The CAT may soon be out of the bag at your nearest TSA checkpoint. That is “Credential Authentication Technology” (CAT), a new tool expected for TSA to further ensure the legitimacy of persons entering secure areas of the airport.
At an (initial) allotted cost of $85,000,000, the Transportation Security Administration (TSA) issued a Request for Proposal (RFP) on December 13, 2013 for the development and procurement of an undetermined amount of CAT devices. Proposals are due by January 13, 2014.
The goal of the CAT system is to further ensure that only legitimate passengers, airport personnel, affiliated airline crews, non-traveling passengers using a gate pass, Law Enforcement Officers (LEOs) and Federal Air Marshals (FAMs) gain access to sterile airport areas. The CAT system must have the capability to assess a wide variety of credentials and display the authentication results to the Transportation Security Officer (TSO).
The TSA’s Office of Security Capabilities (OSC) is tasked with developing the best procedures and technologies that deter, prevent, and/or render ineffective any attempt to sabotage commerce and transportation.
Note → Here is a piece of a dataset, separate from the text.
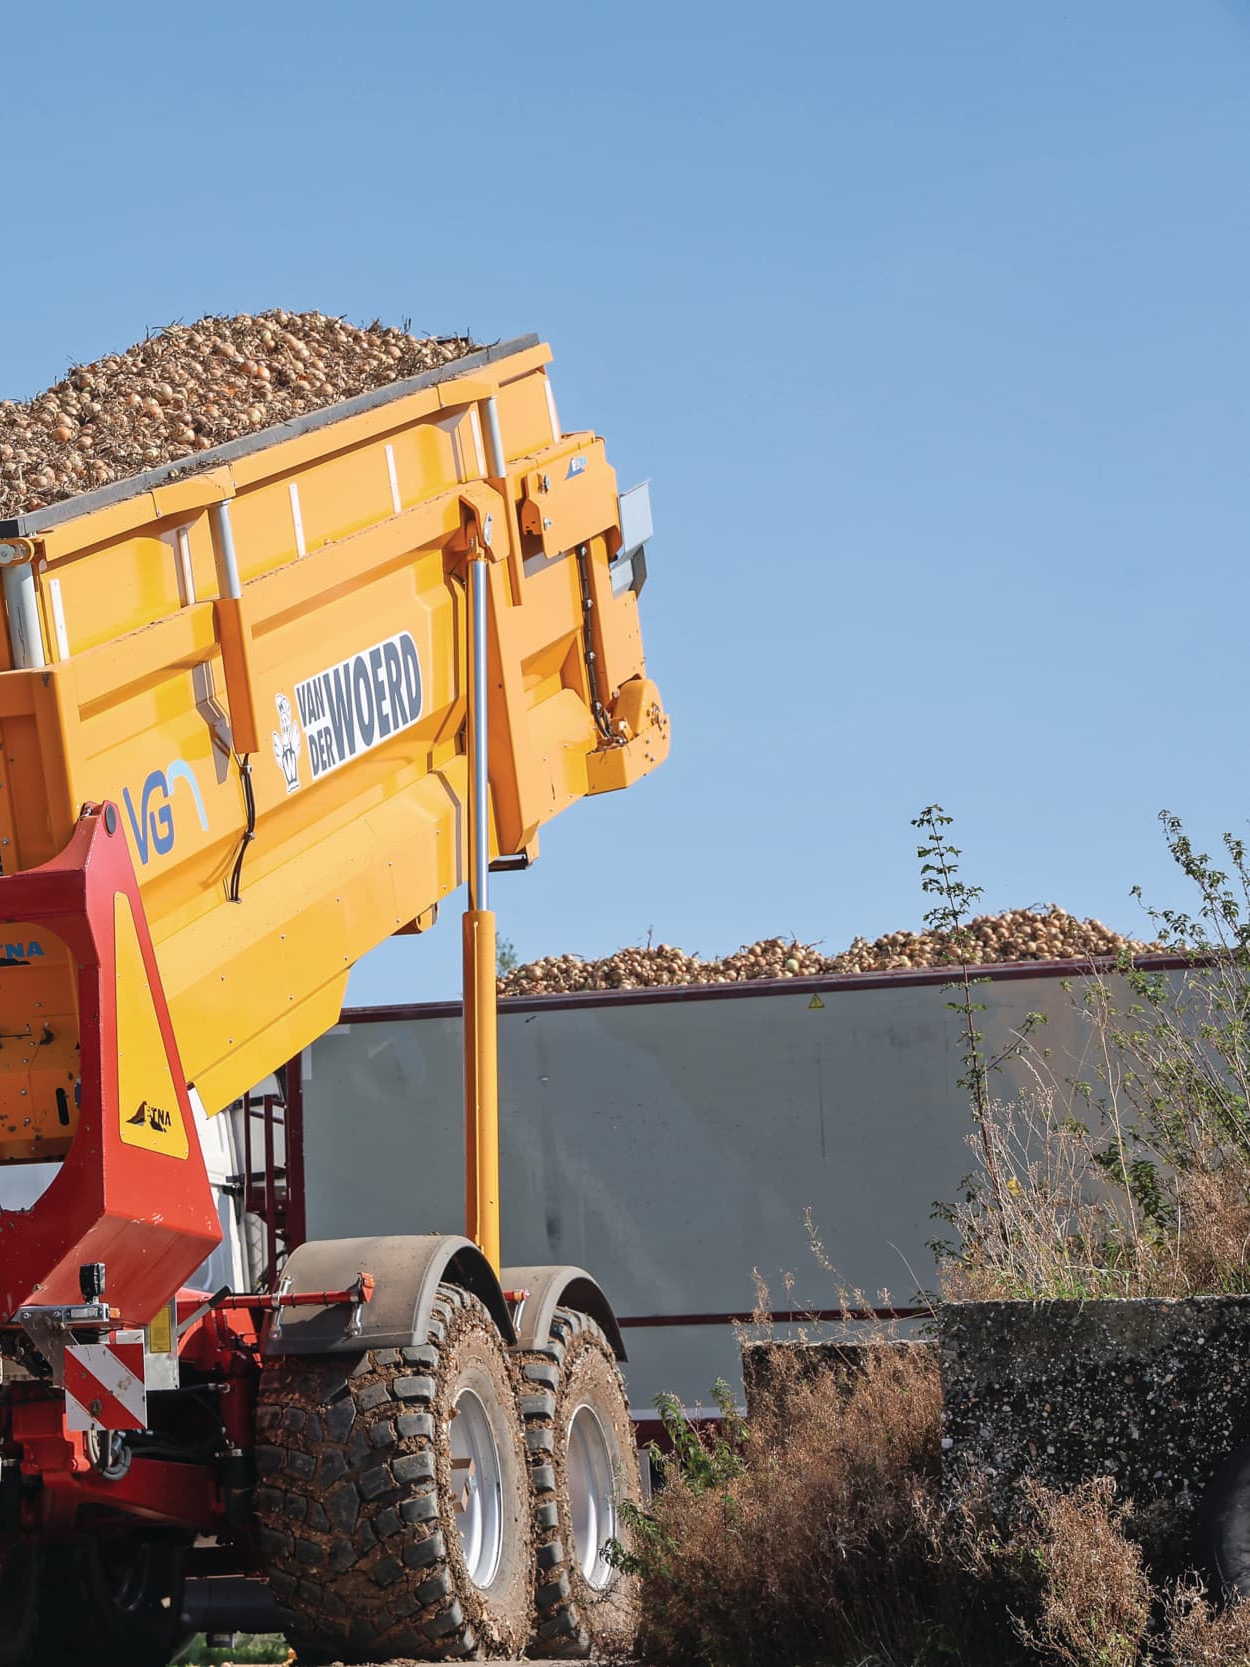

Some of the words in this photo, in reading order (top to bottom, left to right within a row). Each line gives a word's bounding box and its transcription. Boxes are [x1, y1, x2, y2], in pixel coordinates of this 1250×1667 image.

[296, 676, 326, 727] VAN
[322, 633, 422, 762] WOERD
[308, 725, 336, 777] DER
The TSA, through its Checkpoint Technology Division (CTD), envisions the CAT system as a flexible system that can be deployed in different configurations depending on the needs and constraints of each checkpoint environment, including allowing for network connectivity to the main security program and operating system security patches on an ongoing basis.
The chosen contractor will be responsible for the design, manufacture, test, test support, software development, program management, training, engineering support, delivery, and various other logistics support tasks.